### What to work on
An exact repetition of the data is required; no picture should appear in it.

Data items
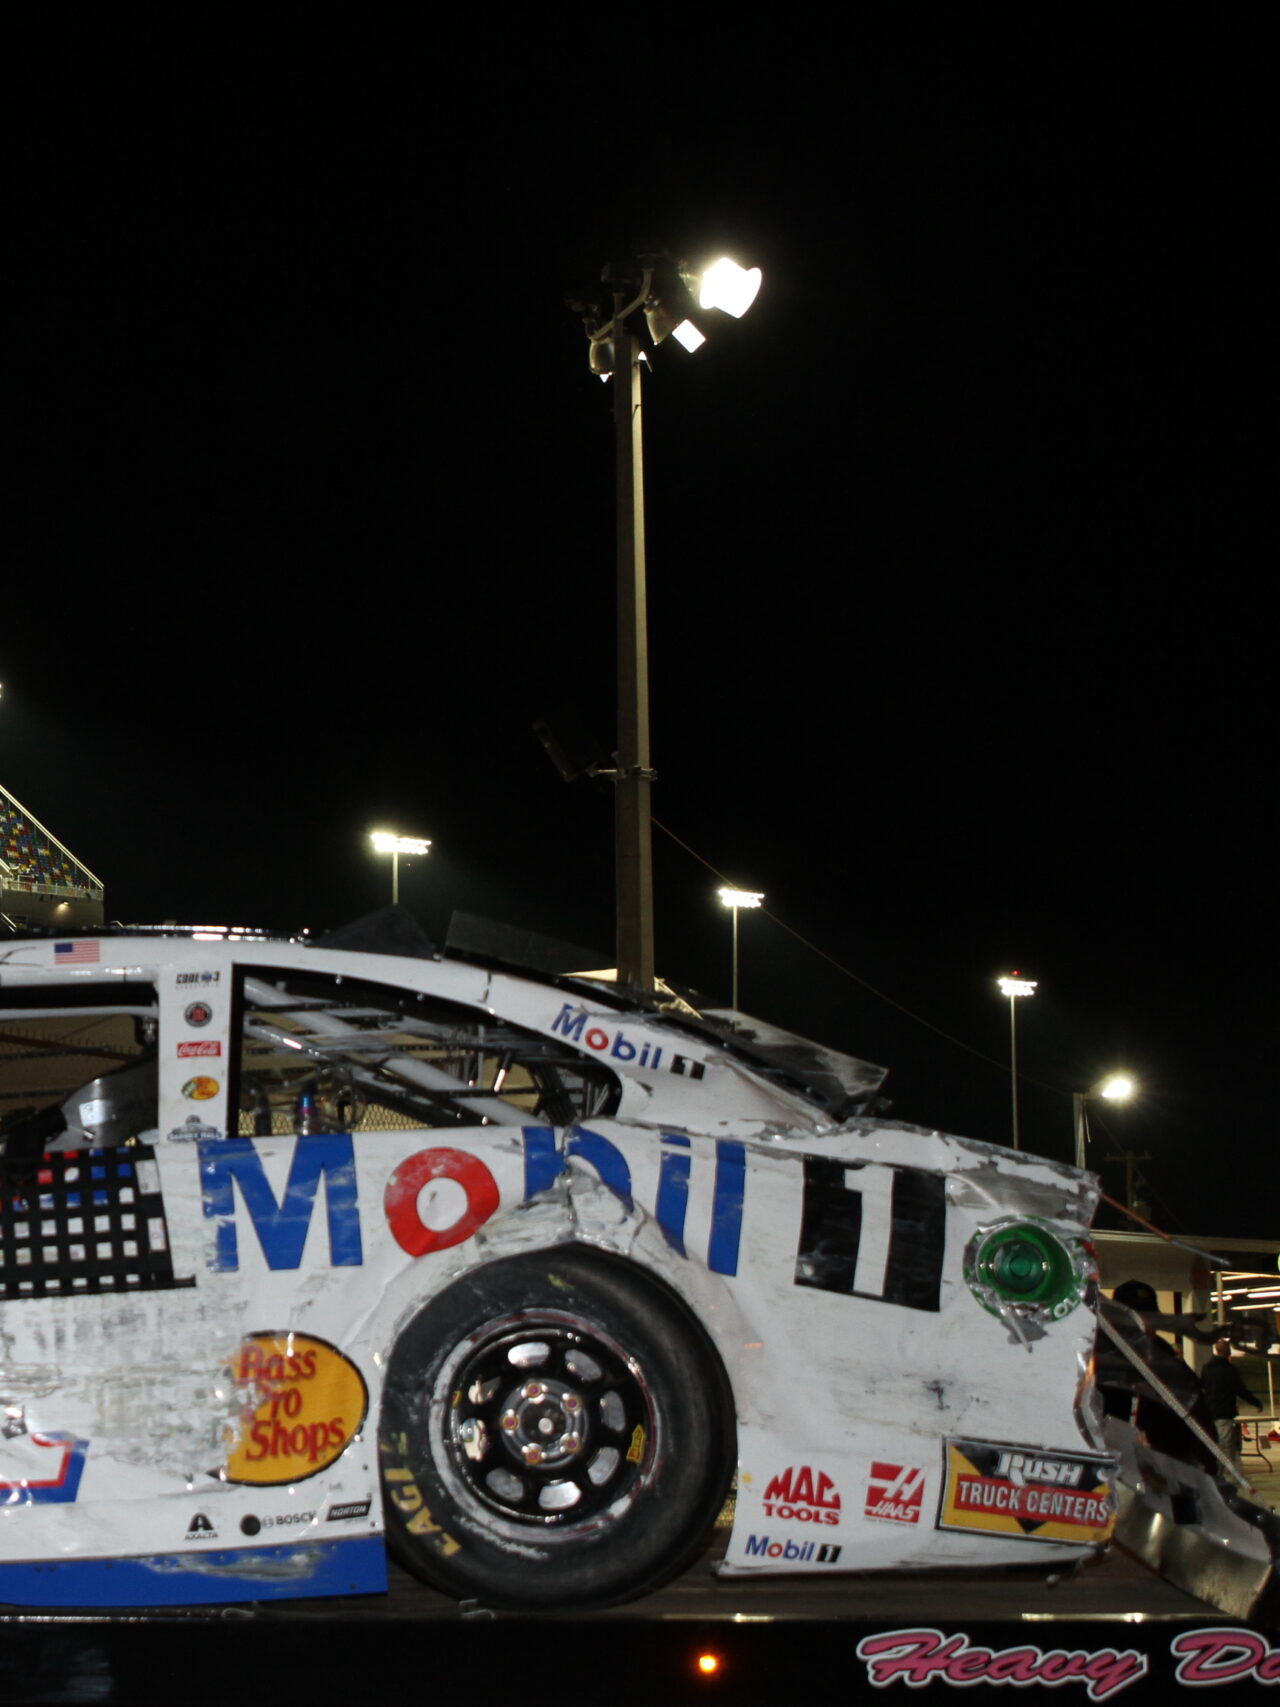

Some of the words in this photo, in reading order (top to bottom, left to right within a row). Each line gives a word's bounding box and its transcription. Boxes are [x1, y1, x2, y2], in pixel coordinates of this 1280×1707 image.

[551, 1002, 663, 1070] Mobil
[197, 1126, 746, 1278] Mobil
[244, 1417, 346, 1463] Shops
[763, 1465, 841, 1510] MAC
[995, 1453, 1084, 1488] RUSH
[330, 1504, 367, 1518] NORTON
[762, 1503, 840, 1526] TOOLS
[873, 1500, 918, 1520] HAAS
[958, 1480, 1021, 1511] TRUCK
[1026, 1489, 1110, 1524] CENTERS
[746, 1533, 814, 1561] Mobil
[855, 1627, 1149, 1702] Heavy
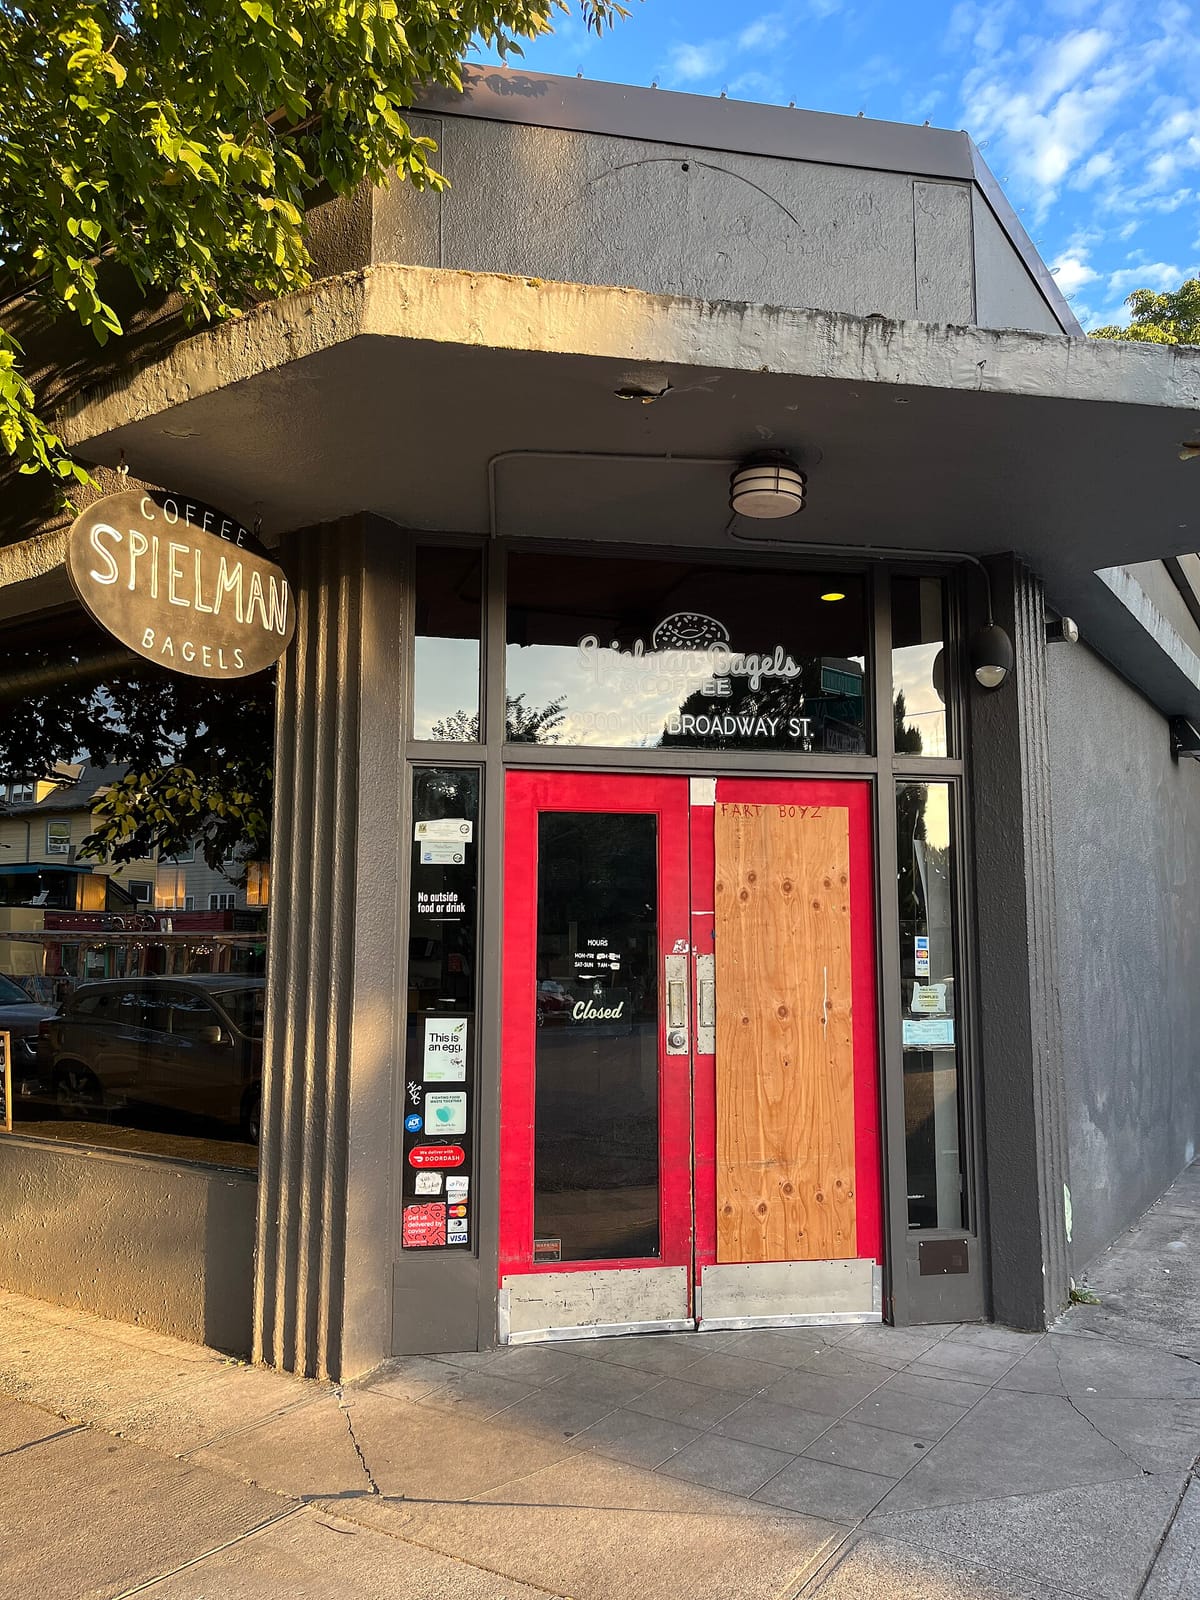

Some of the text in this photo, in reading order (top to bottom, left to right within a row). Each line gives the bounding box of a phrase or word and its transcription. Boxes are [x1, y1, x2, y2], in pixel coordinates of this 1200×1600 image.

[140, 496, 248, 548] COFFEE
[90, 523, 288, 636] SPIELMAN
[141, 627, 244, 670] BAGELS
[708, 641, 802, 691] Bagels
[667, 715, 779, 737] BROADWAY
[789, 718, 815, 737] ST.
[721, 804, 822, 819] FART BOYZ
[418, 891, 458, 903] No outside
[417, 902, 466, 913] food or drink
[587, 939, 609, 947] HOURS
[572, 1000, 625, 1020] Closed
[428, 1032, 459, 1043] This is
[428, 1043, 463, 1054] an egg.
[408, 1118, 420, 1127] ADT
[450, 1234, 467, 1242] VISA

### Response area
Some of the words in this photo, in reading order (top to bottom, left to right within a row). Each line gives a word's bounding box and its transcription. Boxes are [x1, y1, x2, y2], in pixel coordinates of this 1280×1707 image.

[551, 1002, 663, 1070] Mobil
[197, 1126, 746, 1278] Mobil
[244, 1417, 346, 1463] Shops
[763, 1465, 841, 1510] MAC
[995, 1453, 1084, 1488] RUSH
[330, 1504, 367, 1518] NORTON
[762, 1503, 840, 1526] TOOLS
[873, 1500, 918, 1520] HAAS
[958, 1480, 1021, 1511] TRUCK
[1026, 1489, 1110, 1524] CENTERS
[746, 1533, 814, 1561] Mobil
[855, 1627, 1149, 1702] Heavy

Some of the text in this photo, in reading order (top to bottom, left to right within a row). Each line gives the bounding box of a phrase or word and its transcription. Boxes are [x1, y1, x2, y2], in pixel coordinates of this 1200×1600 image.

[140, 496, 248, 548] COFFEE
[90, 523, 288, 636] SPIELMAN
[141, 627, 244, 670] BAGELS
[708, 641, 802, 691] Bagels
[667, 715, 779, 737] BROADWAY
[789, 718, 815, 737] ST.
[721, 804, 822, 819] FART BOYZ
[418, 891, 458, 903] No outside
[417, 902, 466, 913] food or drink
[587, 939, 609, 947] HOURS
[572, 1000, 625, 1020] Closed
[428, 1032, 459, 1043] This is
[428, 1043, 463, 1054] an egg.
[408, 1118, 420, 1127] ADT
[450, 1234, 467, 1242] VISA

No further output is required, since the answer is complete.